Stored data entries

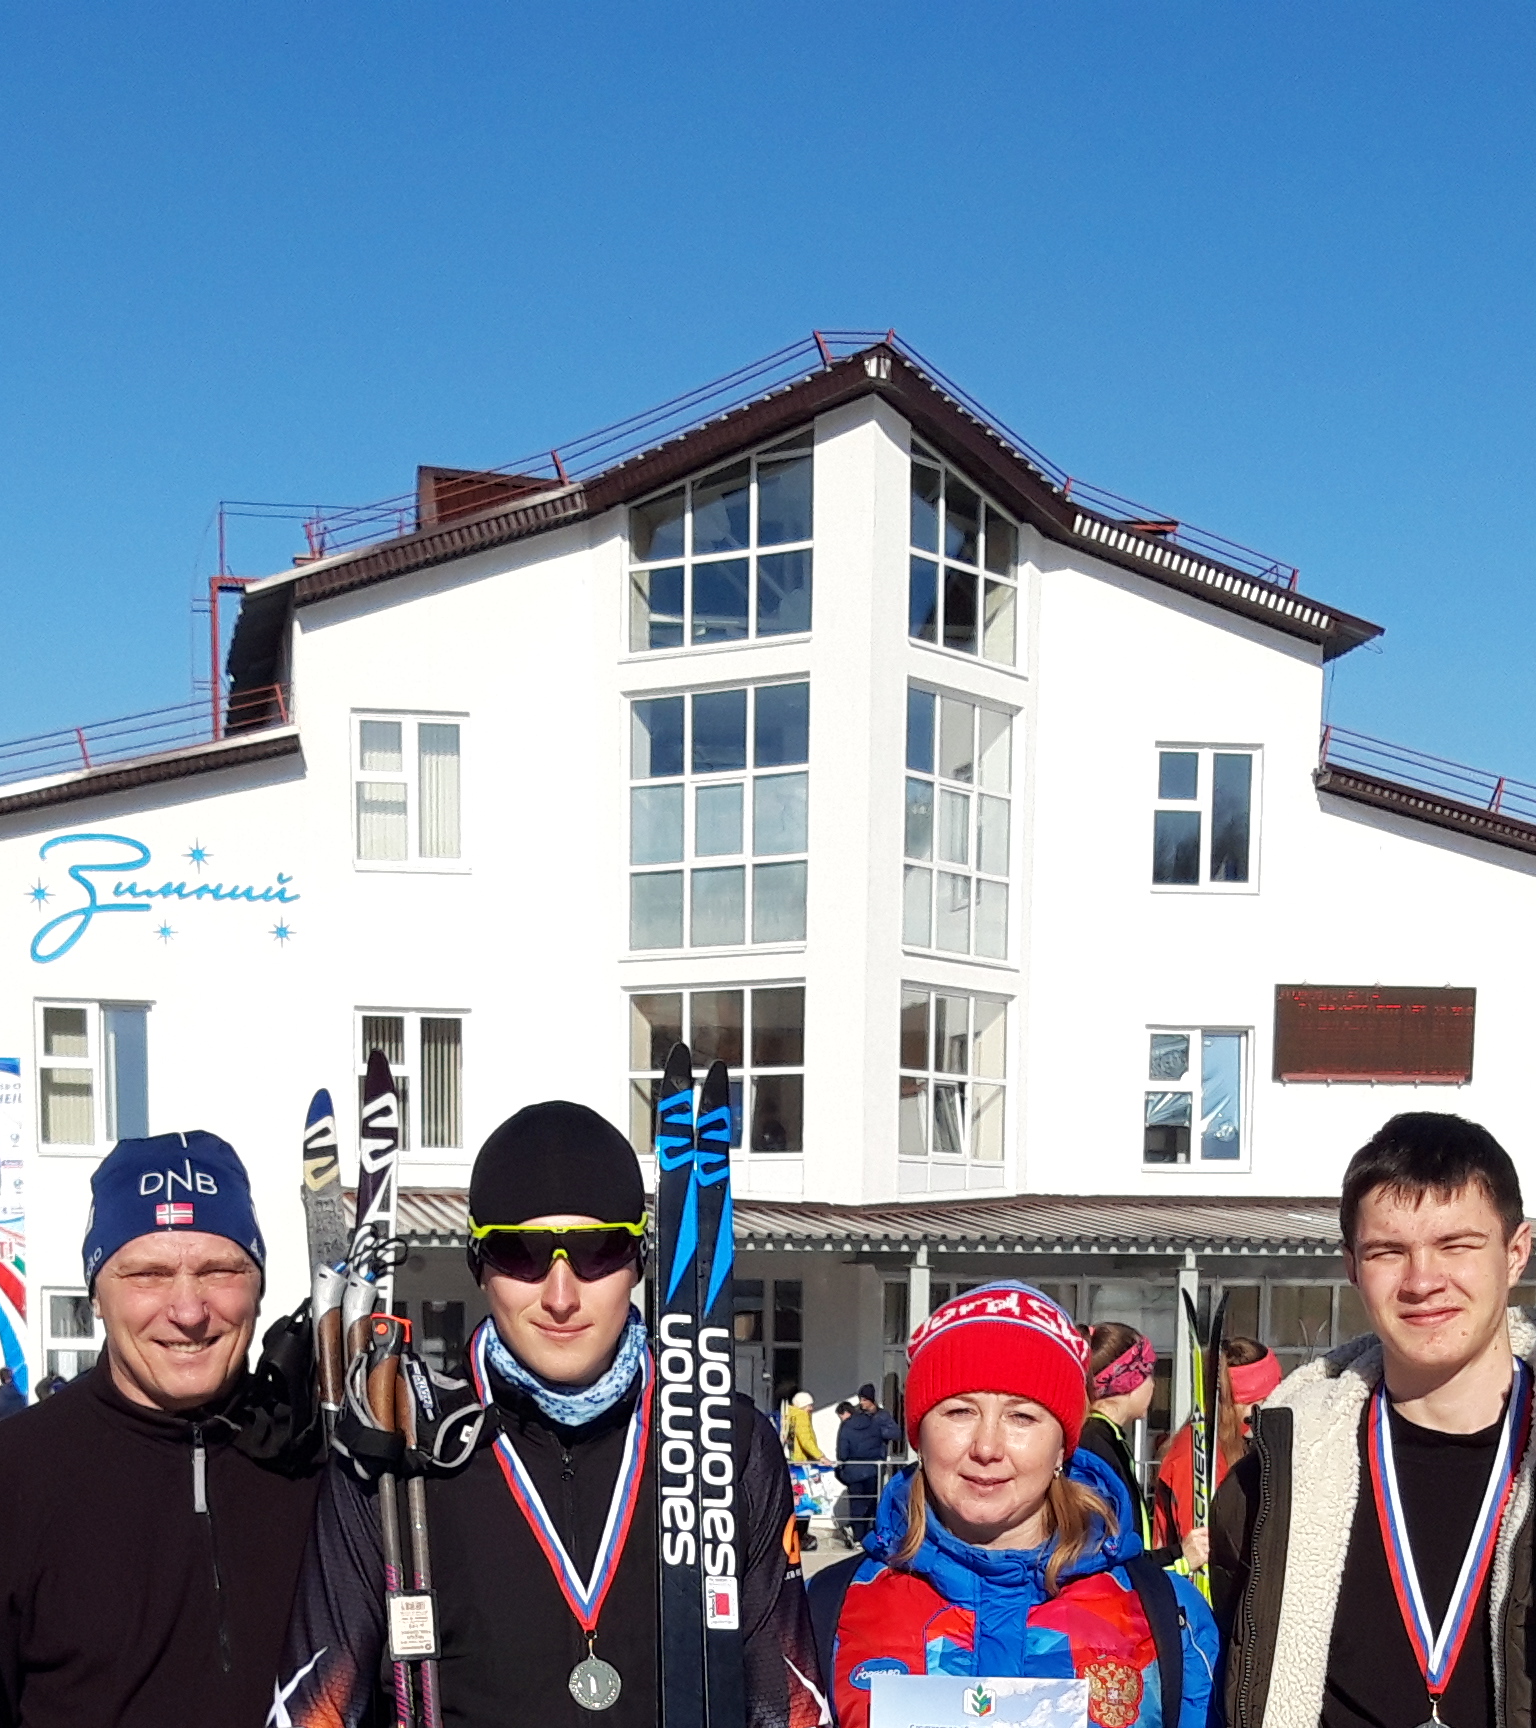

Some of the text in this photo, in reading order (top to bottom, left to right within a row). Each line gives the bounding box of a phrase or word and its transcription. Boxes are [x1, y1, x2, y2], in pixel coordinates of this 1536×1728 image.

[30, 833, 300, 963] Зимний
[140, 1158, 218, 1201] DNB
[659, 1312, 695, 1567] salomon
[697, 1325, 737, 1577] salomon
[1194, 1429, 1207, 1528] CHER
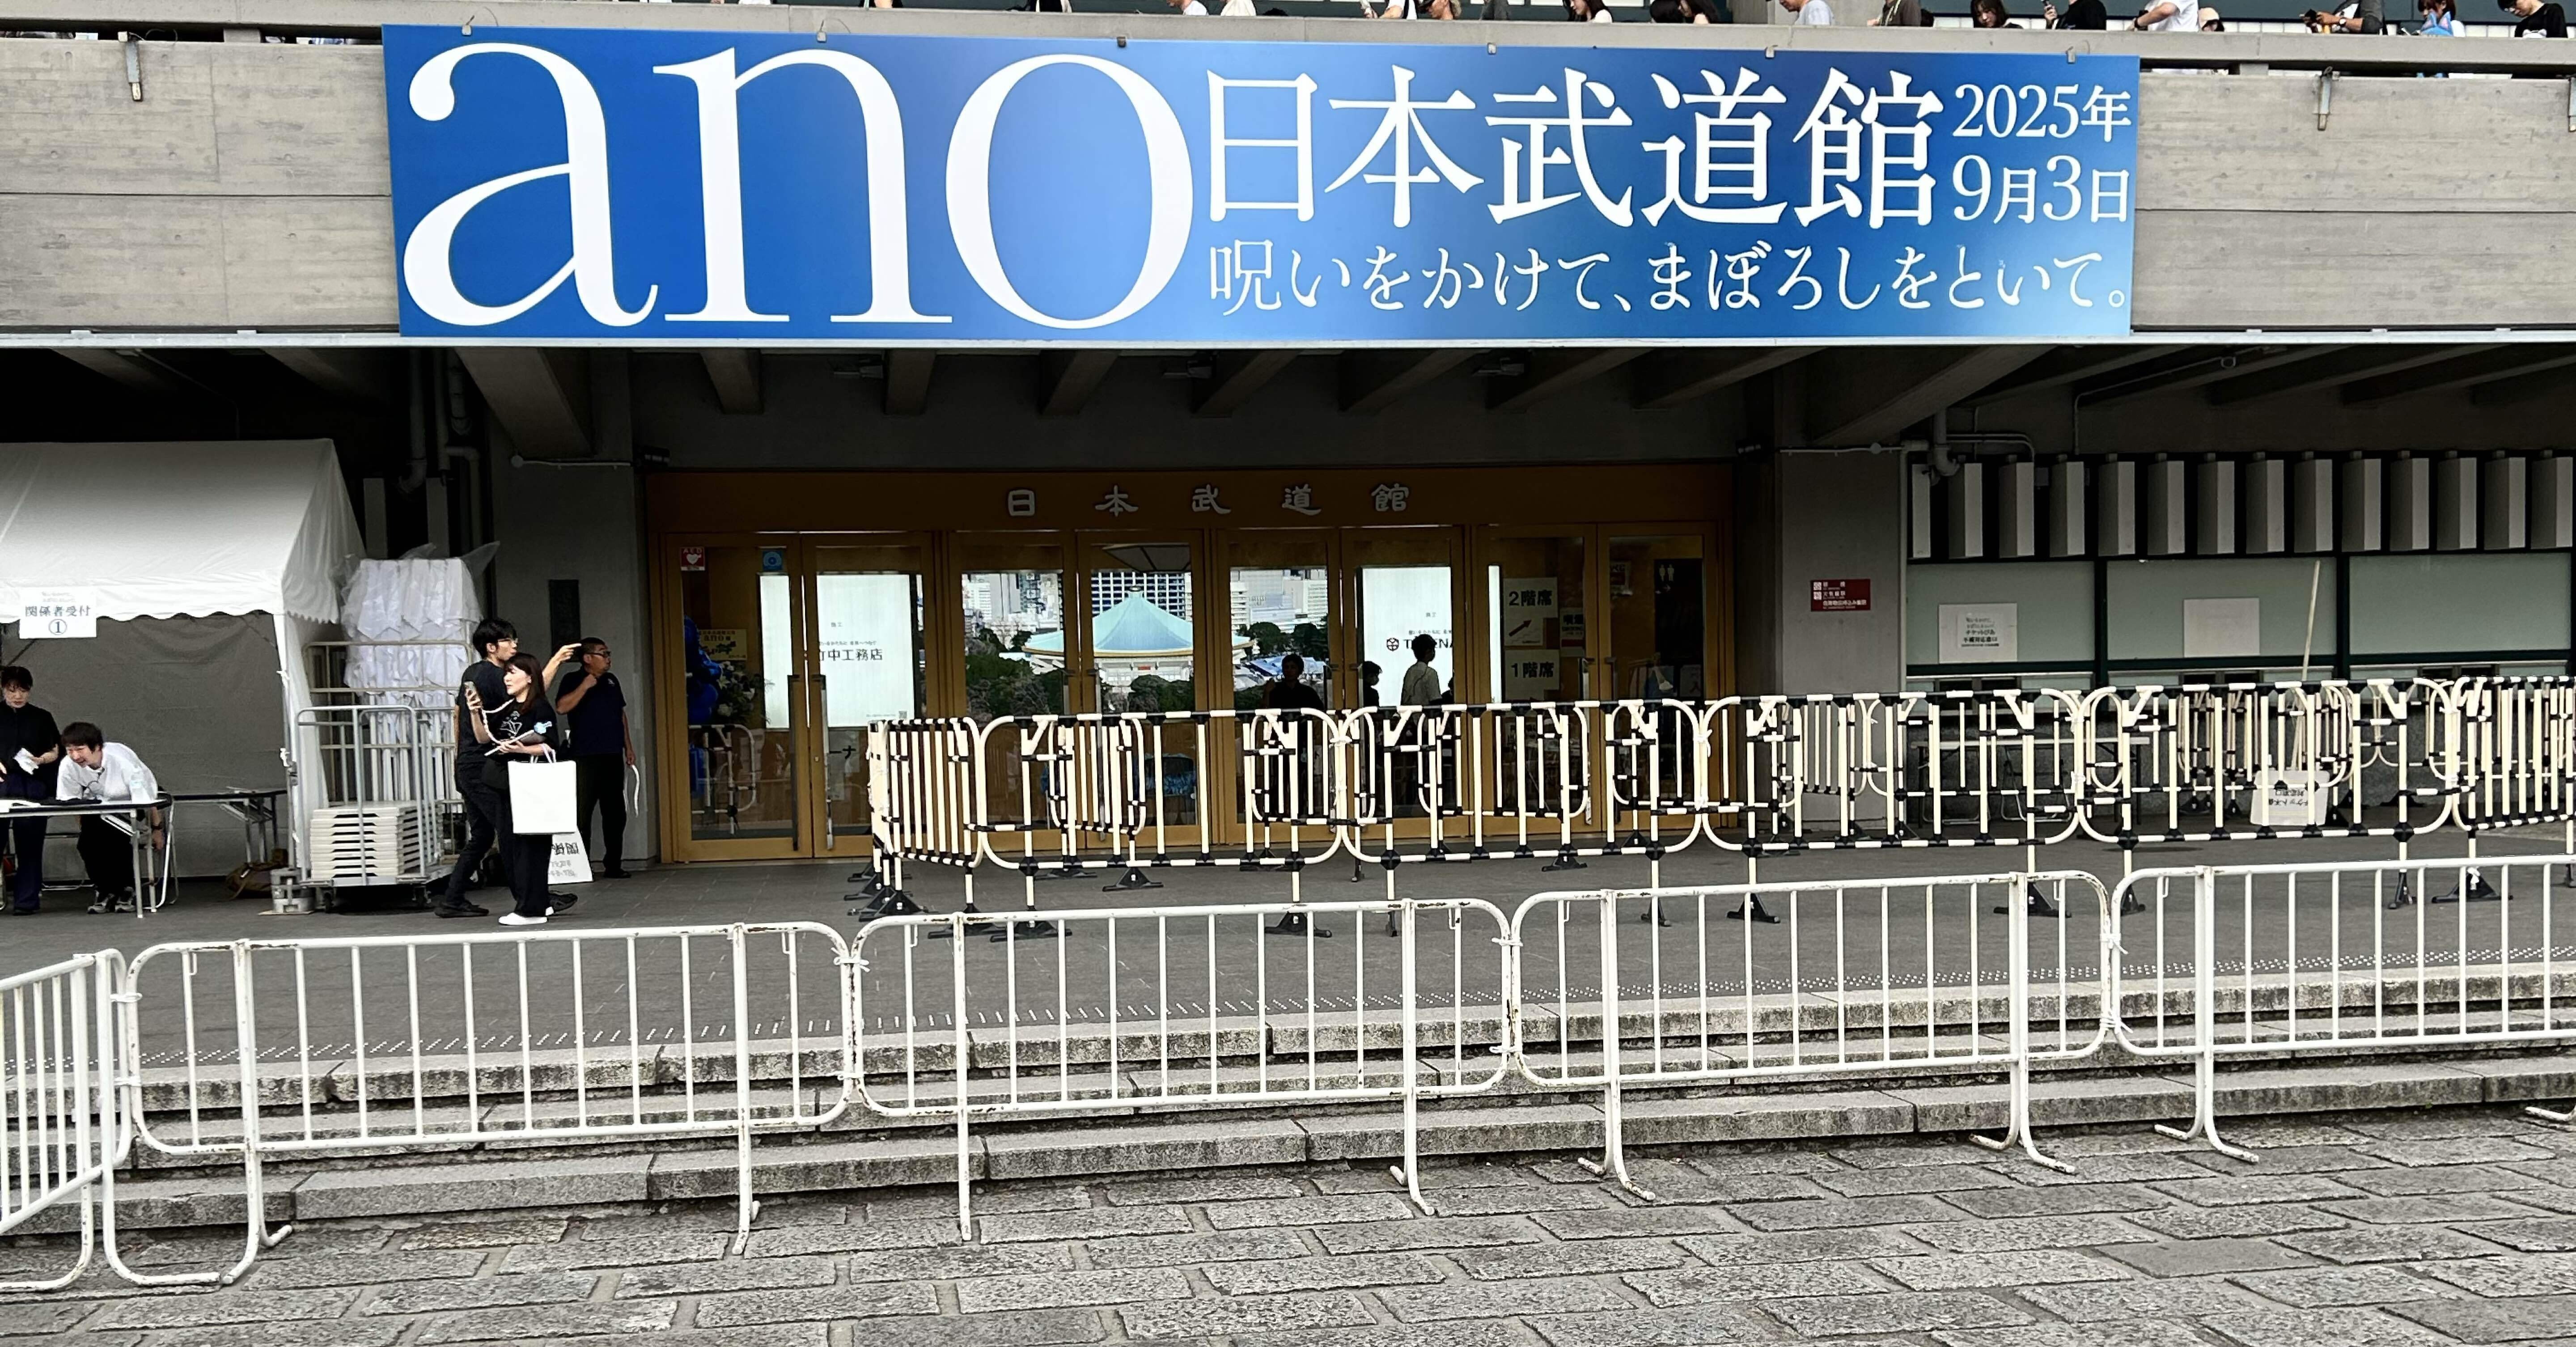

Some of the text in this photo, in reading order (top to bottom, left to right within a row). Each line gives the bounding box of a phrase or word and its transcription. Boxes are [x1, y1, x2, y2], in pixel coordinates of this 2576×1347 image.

**Work request**
Repeat each record exactly, with the pictures left out.

**Completed exercise**
Some of the text in this photo, in reading order (top to bottom, left to right within a row). Each line gives the bounding box of a phrase or word and its transcription. Boxes are [x1, y1, x2, y2], in pixel coordinates of this 1536×1728 image.

[30, 833, 300, 963] Зимний
[140, 1158, 218, 1201] DNB
[659, 1312, 695, 1567] salomon
[697, 1325, 737, 1577] salomon
[1194, 1429, 1207, 1528] CHER

Some of the text in this photo, in reading order (top to bottom, left to right within a row). Each line gives the bounding box of a phrase or word and its transcription. Boxes are [x1, y1, x2, y2], in pixel coordinates of this 2576×1347 image.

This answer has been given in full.